Confession and Confrontation

53 Pages Posted: 4 Apr 2024

See all articles by William Ortman

William Ortman

Wayne State University School of Law

Date Written: March 4, 2024

Abstract

The constitutional law of confessions has a critical blind spot. In theory, it serves two interests. It protects the autonomy of suspects by stipulating that they can be questioned while in custody only with their consent. And it restrains official misconduct by forbidding interrogation methods that overbear a suspect’s will. Even if the law adequately safeguards those interests, something is missing: reliability. As false confessions emerge as a major source of wrongful convictions and as social scientists expose how standard interrogation tactics prompt innocent people to confess, the Supreme Court and conventional wisdom insist that the reliability of confessions is not a constitutional concern.

The Supreme Court and conventional wisdom are wrong. Inattention to reliability is a jurisprudential oversight, not a feature of constitutional design. The problem is that the Court and commentators have neglected the part of the Constitution that unabashedly curates prosecutorial evidence: the Confrontation Clause. For much of our constitutional history, that omission could be excused, as the Confrontation Clause was a sleepy corner of the Sixth Amendment. Twenty years ago, in Crawford v.

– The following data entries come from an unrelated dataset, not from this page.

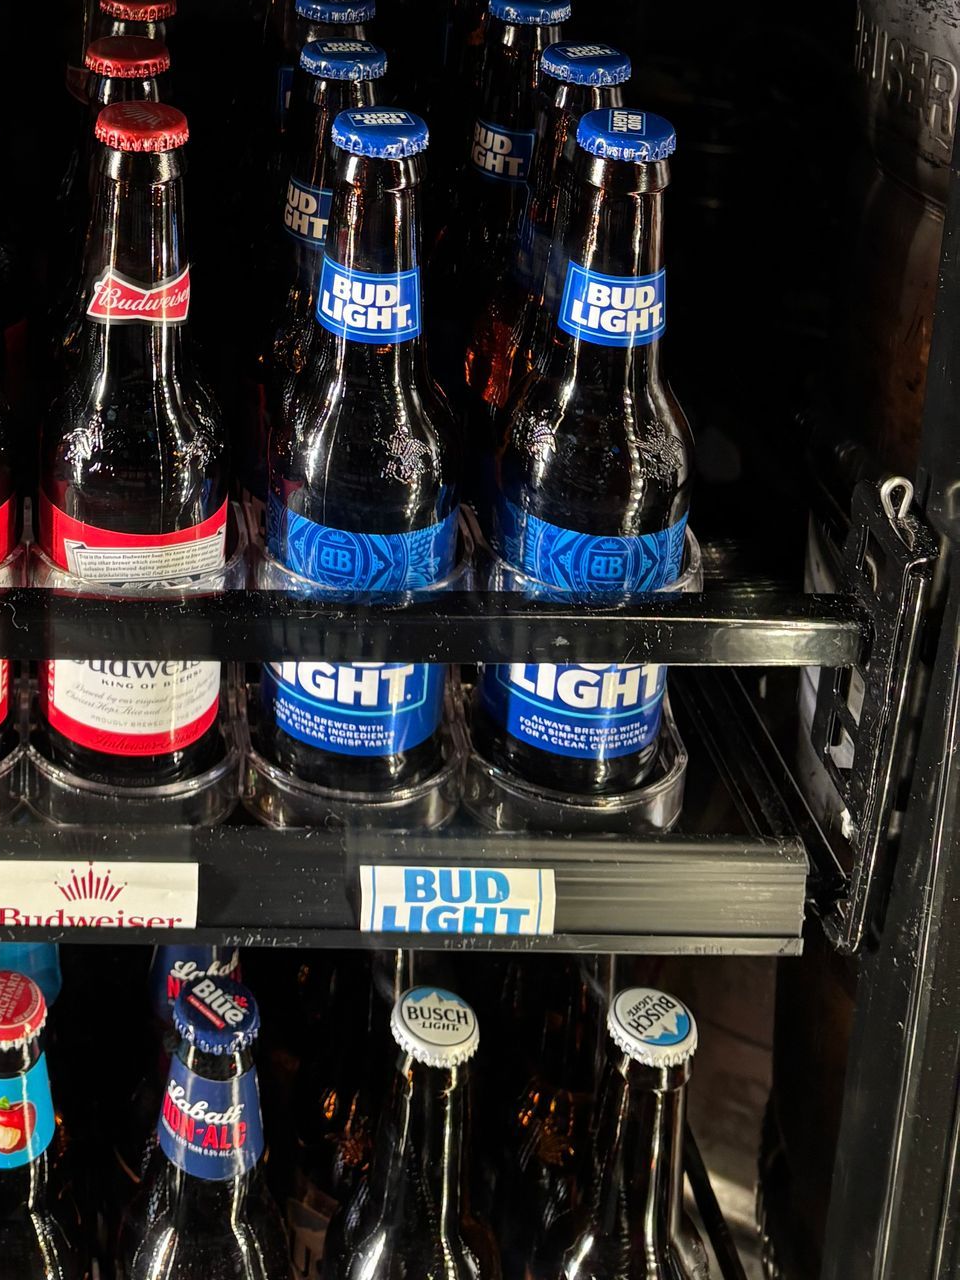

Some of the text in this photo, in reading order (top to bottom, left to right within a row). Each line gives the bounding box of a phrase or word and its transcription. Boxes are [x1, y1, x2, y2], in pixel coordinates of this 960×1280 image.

[613, 110, 628, 132] LIGHT
[627, 114, 642, 130] BUD
[94, 280, 189, 311] Budweiser
[331, 273, 399, 306] BUD
[586, 281, 655, 310] BUD
[320, 289, 412, 331] LIGHT
[569, 298, 663, 334] LIGHT
[101, 678, 157, 690] KING OF
[510, 663, 660, 709] LIGHT
[279, 697, 384, 732] ALWAYS BREWED WITH
[292, 712, 395, 739] SIMPLE INGREDIENTS
[519, 715, 648, 743] FOUR SIMPLE INGREDIENTS
[531, 714, 641, 736] ALWAYS BREWED WITH
[287, 718, 362, 747] A CLEAN, CRISP
[520, 724, 646, 751] FOR A CLEAN, TASTE
[404, 868, 511, 904] BUD
[382, 905, 531, 936] LIGHT
[191, 978, 244, 1026] Blue
[406, 1006, 469, 1025] BUSCH
[627, 994, 678, 1035] BUSCH
[167, 1079, 245, 1125] Labatt

Washington, the Supreme Court enlivened it.

This Article shows that a straightforward reading of Crawford, combined with a smattering of legal history, yields a simple but transformative rule: If police obtain a confession through psychologically manipulative tactics that induce “fear” or “hope,” the confession should be inadmissible unless the defendant testifies. Eighteenth-century jurists and modern social scientists agree that such tactics lead to unreliable confessions, yet they remain a staple of modern American interrogations. That would change if courts recognized the Confrontation Clause’s capacity to regulate confessions.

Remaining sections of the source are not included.